With the increasing recognition of spontaneous spinal cerebrospinal fluid (CSF) leaks, you just may find yourself with a patient presenting for rehab after procedures to treat this condition. Unfortunately, you may also find a patient on your list who hasn’t yet been diagnosed but is in fact experiencing the consequences of a spontaneous spinal CSF leak and your recognition of this issue could make an enormous difference to the patient. So what is it and what can you do to help?
Symptoms arising from a leak of CSF after a dural puncture have been recognised since the 1st lumbar punctures performed in the late 19th century. In the past few decades, spontaneous leaks due to dural defects have been increasingly recognised as imaging has allowed visualisation of leaks and the changes they cause in the CNS due to the induced Spontaneous Intracranial Hypotension (SIH) (1). The term “spontaneous” leak is actually used to describe those not occurring due to iatrogenic effects of a medical procedure which can include those occurring after trauma or with no known precipitant. Leaks have been recognised to occur from meningeal diverticula, discrete tears (sometimes associated with bony spurs) or venous fistulas directly draining CSF into the venous system (2).
CT Myelogram and intraoperative photos of the same patient with a dural tear due to a bone spur. Supplied by Dr Scott Davies.
Symptoms and Diagnosis
The most recent estimate is an average annual incidence of this condition of 3.7 per 100 000 population (4.3 per 100 000 and for women and 2.9 per 100 000 for men) (3). Diagnosis is frequently delayed, primarily due to lack of recognition of this condition and a high false negative rate on any single diagnostic test. In 2003, the average duration of symptoms for a patient with a spinal CSF leak in a US study was 13 months before diagnosis (4).

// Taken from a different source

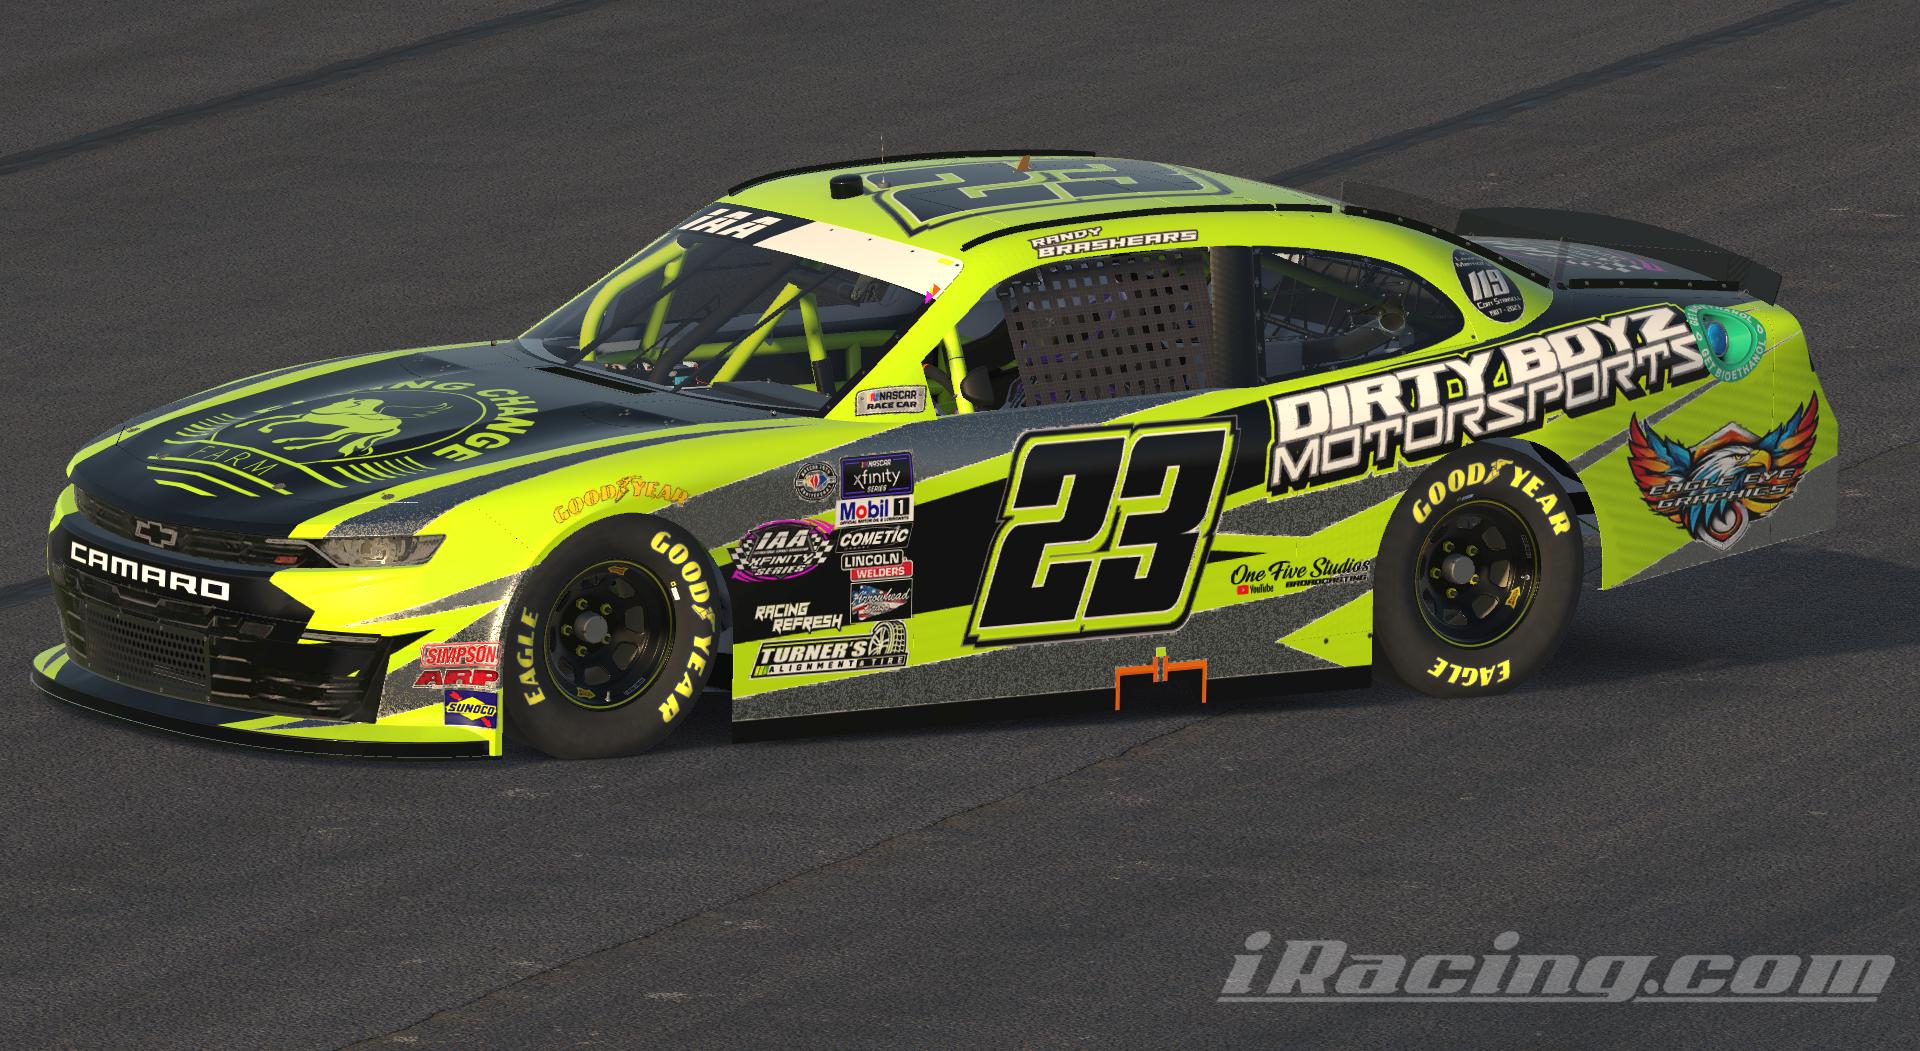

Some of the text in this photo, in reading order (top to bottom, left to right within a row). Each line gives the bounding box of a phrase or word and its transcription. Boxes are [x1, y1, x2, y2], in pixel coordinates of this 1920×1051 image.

A small Australian study in 2019 reported an average 2.7 year delay to diagnosis (5).
Spontaneous spinal CSF leaks are believed to cause symptoms via a number of mechanisms related to the loss of CSF especially from the cranium. As a result, the usual functions of CSF such as buoyancy, cushioning, nutrition and waste clearance are impaired. The buoyancy attributed to CSF usually reduces the apparent weight of the brain from 1500 g to 50g. Loss of this effect can result in descent of brain structures particularly in the upright position and traction on the pain sensitive meninges. Loss of CSF volume is also believed to trigger compensatory increases in blood volume leading to venous distension which may trigger nociceptive responses as well as impacting more generally on vascular flow. The loss of CSF volume may also leave cranial structures including brain, pituitary and cranial nerves susceptible to mechanical effects normally cushioned by the fluid, as well as restriction of the normal flow of CSF around the foramen magnum due to the descent of the brain which sometimes mimicks a Chiari malformation (2, 6).

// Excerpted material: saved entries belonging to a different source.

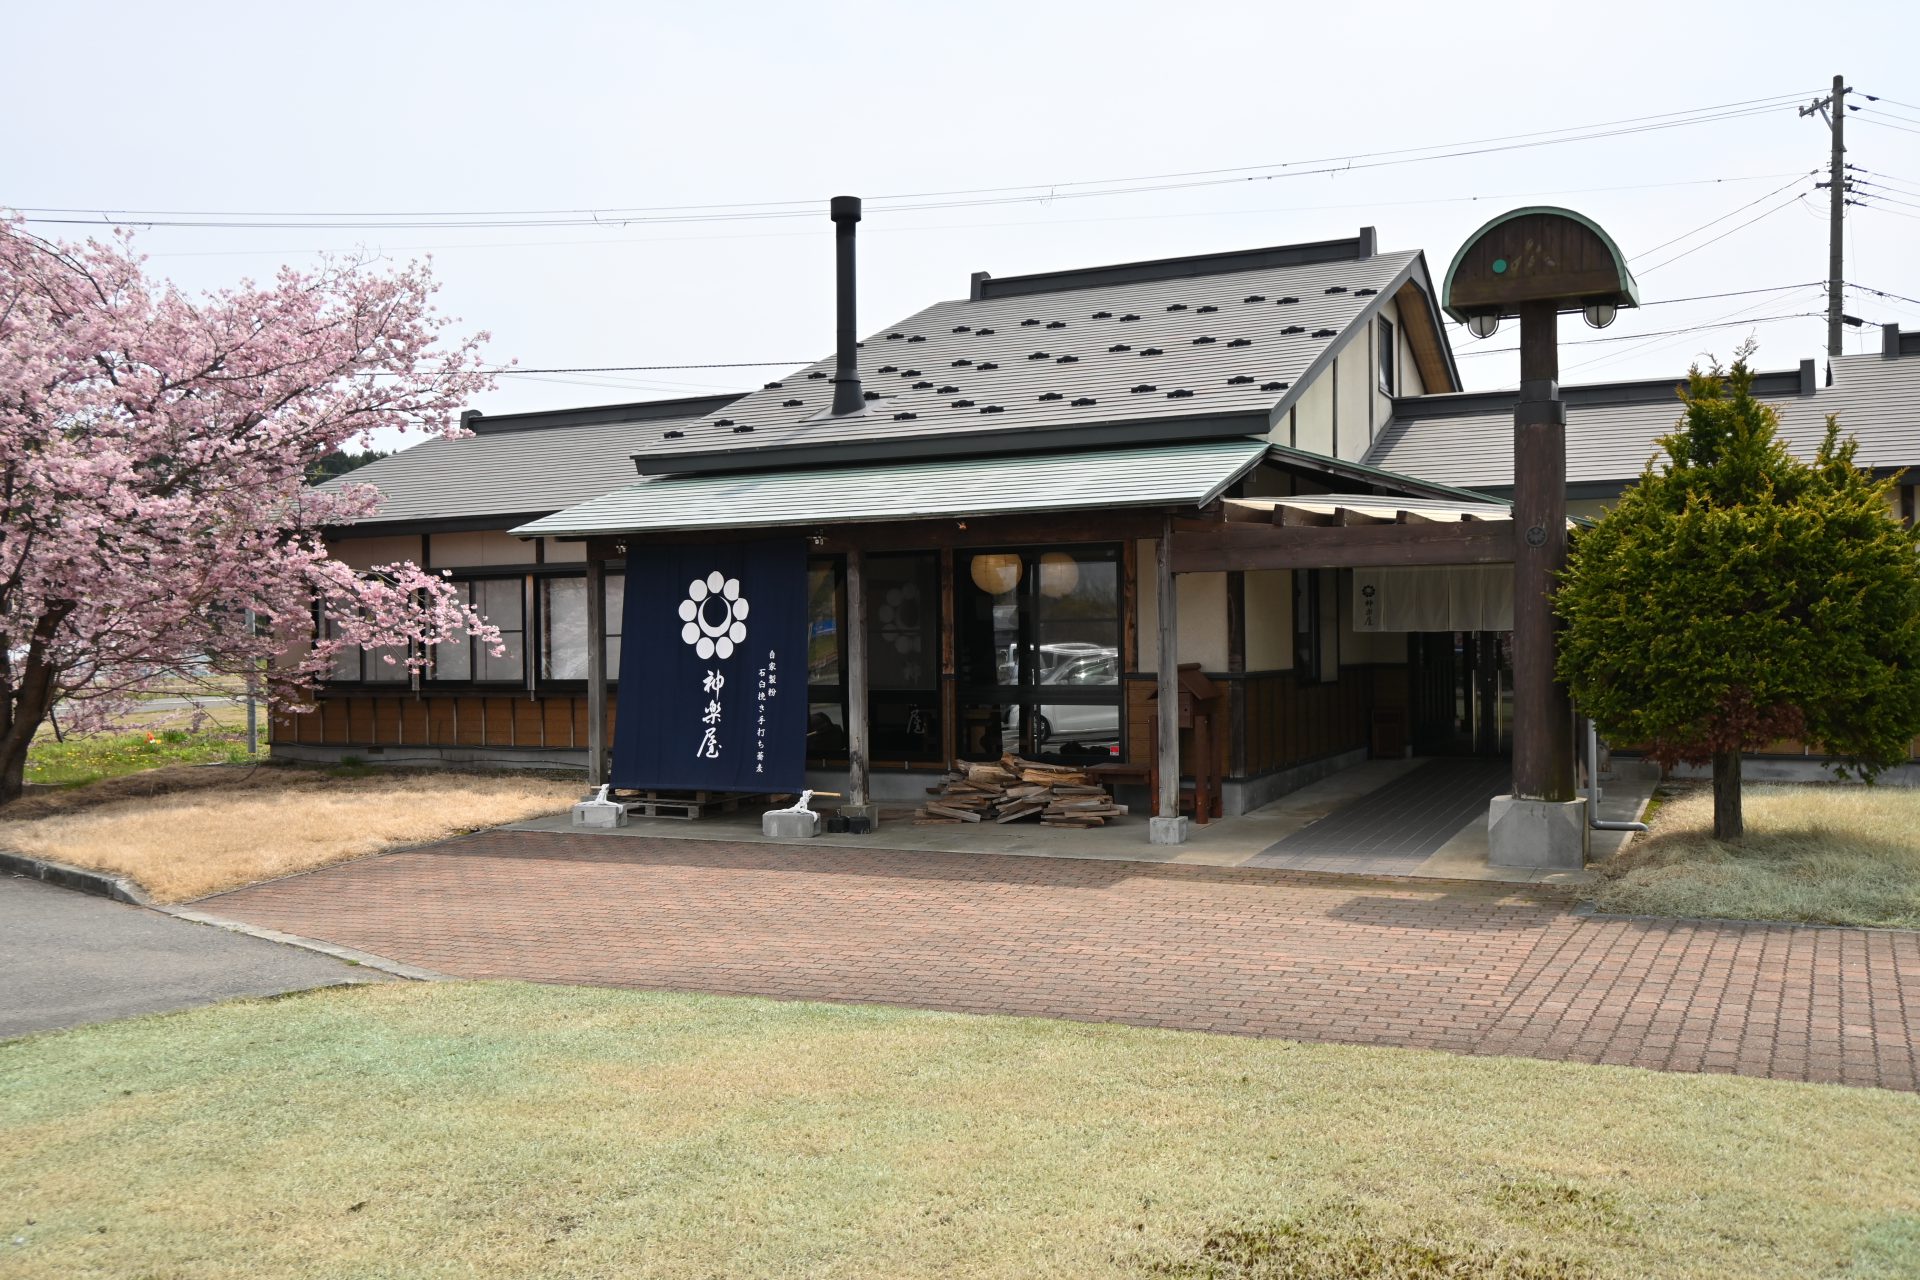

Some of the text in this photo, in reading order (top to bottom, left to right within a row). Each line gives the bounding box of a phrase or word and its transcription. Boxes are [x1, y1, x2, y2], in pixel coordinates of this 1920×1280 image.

[767, 649, 777, 697] 自家製粉
[696, 668, 725, 759] 神楽屋
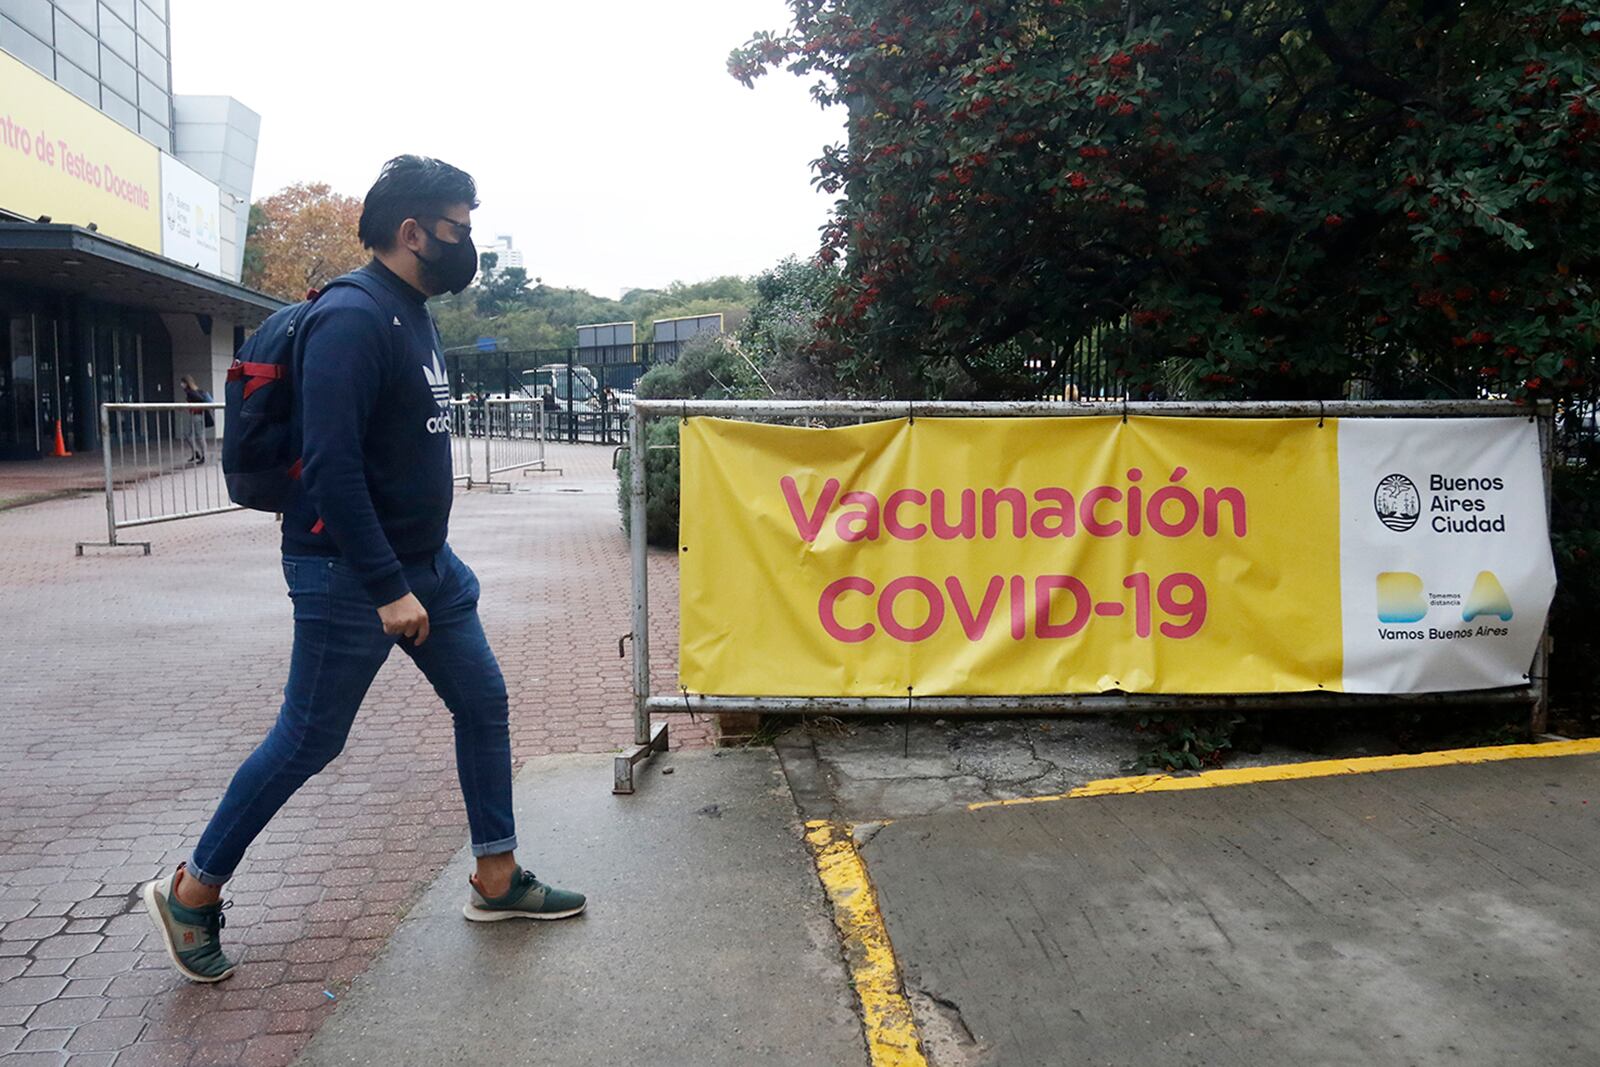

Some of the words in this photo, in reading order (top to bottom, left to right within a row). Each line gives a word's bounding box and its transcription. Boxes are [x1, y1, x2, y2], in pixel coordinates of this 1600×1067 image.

[35, 130, 55, 167] de
[57, 139, 102, 189] Testeo
[103, 163, 150, 211] Docente
[1430, 474, 1505, 491] Buenos
[780, 467, 1247, 542] Vacunación
[1430, 495, 1486, 512] Aires
[1431, 514, 1506, 533] Ciudad
[1428, 592, 1462, 600] Tomemos
[818, 572, 1207, 643] COVID-19
[1378, 628, 1425, 640] Vamos
[1428, 628, 1474, 640] Buenos
[1475, 625, 1509, 637] Aires

Not surprisingly, the classic symptom of the spinal CSF leak is headache, typically worse when upright and better on lying down. It is usually bilateral and diffuse but may localise, most commonly to the occiput. The headache may be instantaneous on standing, develop over minutes to hours, or may be described as a “second half of the day headache”(2). It is important to recognise, however, that this classic pattern of headache often becomes less distinct with greater chronicity (6). In addition to the headache, patients with spinal CSF leaks commonly report pain in the cervical and thoracic region along with a wide range of neurological symptoms (as described in Table 1).
Non-physio Management
Conservative measures such as bedrest, increased fluids and caffeine can sometimes lead to spontaneous healing. When this fails there are a number of procedures which can be used in an attempt to seal the site of CSF leak. Commonly an epidural blood patch is used in which the patient’s own blood is injected into the epidural space in an attempt to “plug” the leak site.
In comparison to leaks occurring from a lumbar puncture, larger volumes of blood (commonly 20 to 30 ml) are used and multiple patches may be required to achieve full resolution of leaking. These patches may be applied directly to the leak site if it has been successfully identified on imaging, or carried out “blind” often at the upper lumbar level, sometimes with head down tilting of the patient to encourage the spread of the blood as far as possible through the spinal column in the hope that it will reach a remote leak site.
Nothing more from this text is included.